WHAT NEEDS TO BE DONE ::
Pictures stay out; print the rest of the listing below exactly as it stands.

DATA IN THIS EXERCISE ::
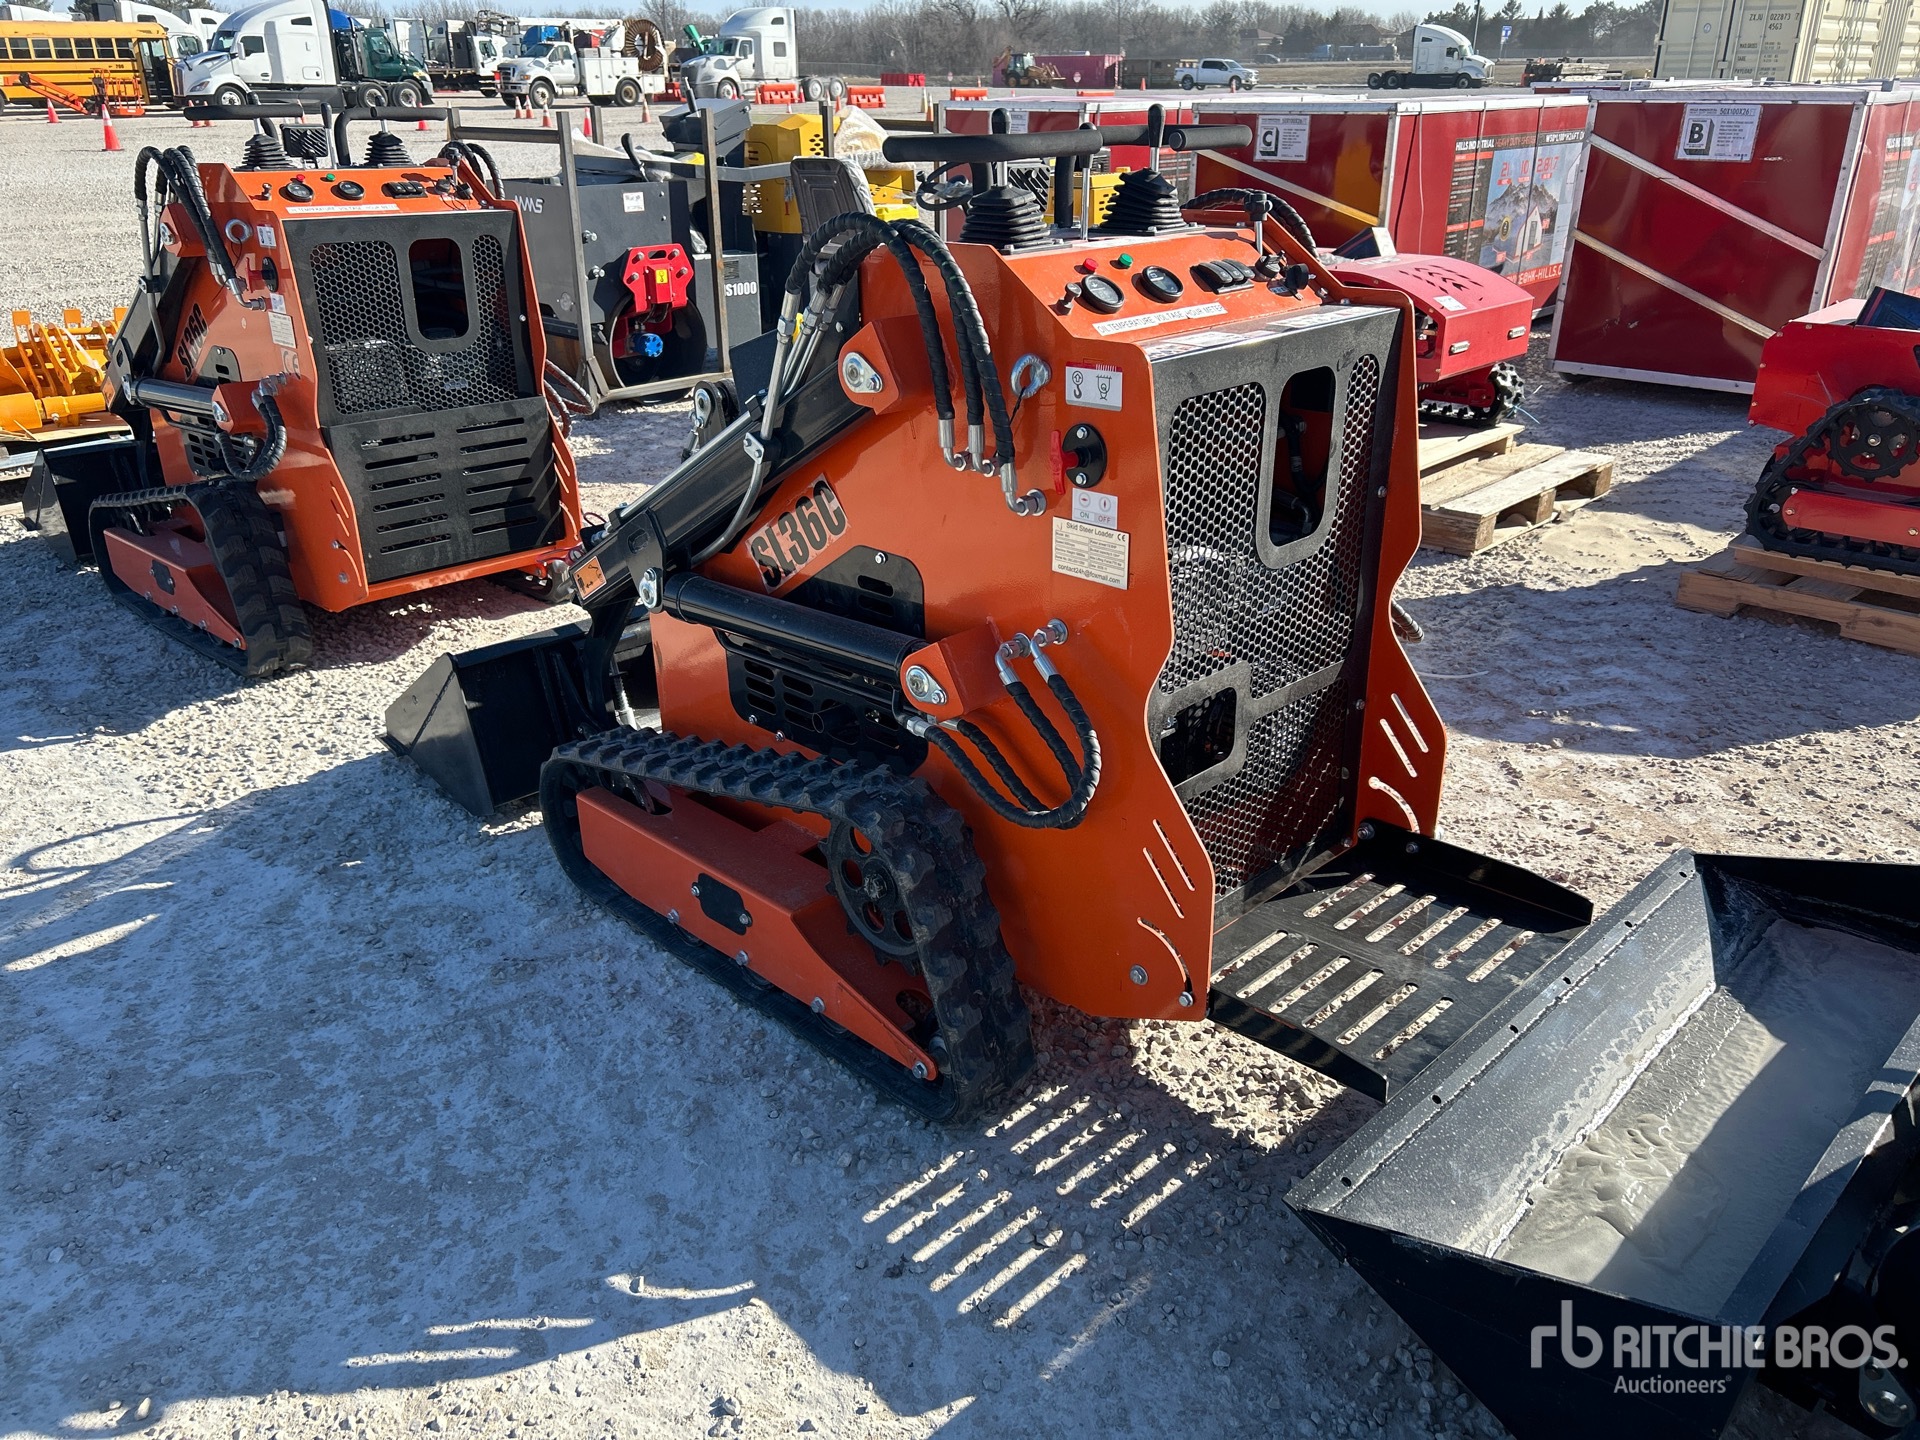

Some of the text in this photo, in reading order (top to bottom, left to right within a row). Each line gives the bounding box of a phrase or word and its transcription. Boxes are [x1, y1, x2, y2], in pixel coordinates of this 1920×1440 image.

[1749, 13, 1764, 21] ZXJU
[1770, 13, 1791, 21] 022873
[1262, 130, 1273, 147] C
[1688, 123, 1704, 143] B
[723, 281, 757, 297] S1000
[1154, 310, 1185, 321] VOLTAGE
[1186, 308, 1203, 318] HOUR
[178, 303, 208, 379] SL36C
[1080, 511, 1111, 523] ON OFF
[751, 480, 846, 587] SL36C
[1066, 521, 1078, 532] Skid
[1079, 525, 1094, 535] Steer
[1094, 529, 1114, 539] Loader

YOUR SOLUTION ::
Some of the text in this photo, in reading order (top to bottom, left to right within a row). Each line gives the bounding box of a phrase or word and its transcription. Boxes are [x1, y1, x2, y2], in pixel coordinates of this 1920×1440 image.

[1749, 13, 1764, 21] ZXJU
[1770, 13, 1791, 21] 022873
[1262, 130, 1273, 147] C
[1688, 123, 1704, 143] B
[723, 281, 757, 297] S1000
[1154, 310, 1185, 321] VOLTAGE
[1186, 308, 1203, 318] HOUR
[178, 303, 208, 379] SL36C
[1080, 511, 1111, 523] ON OFF
[751, 480, 846, 587] SL36C
[1066, 521, 1078, 532] Skid
[1079, 525, 1094, 535] Steer
[1094, 529, 1114, 539] Loader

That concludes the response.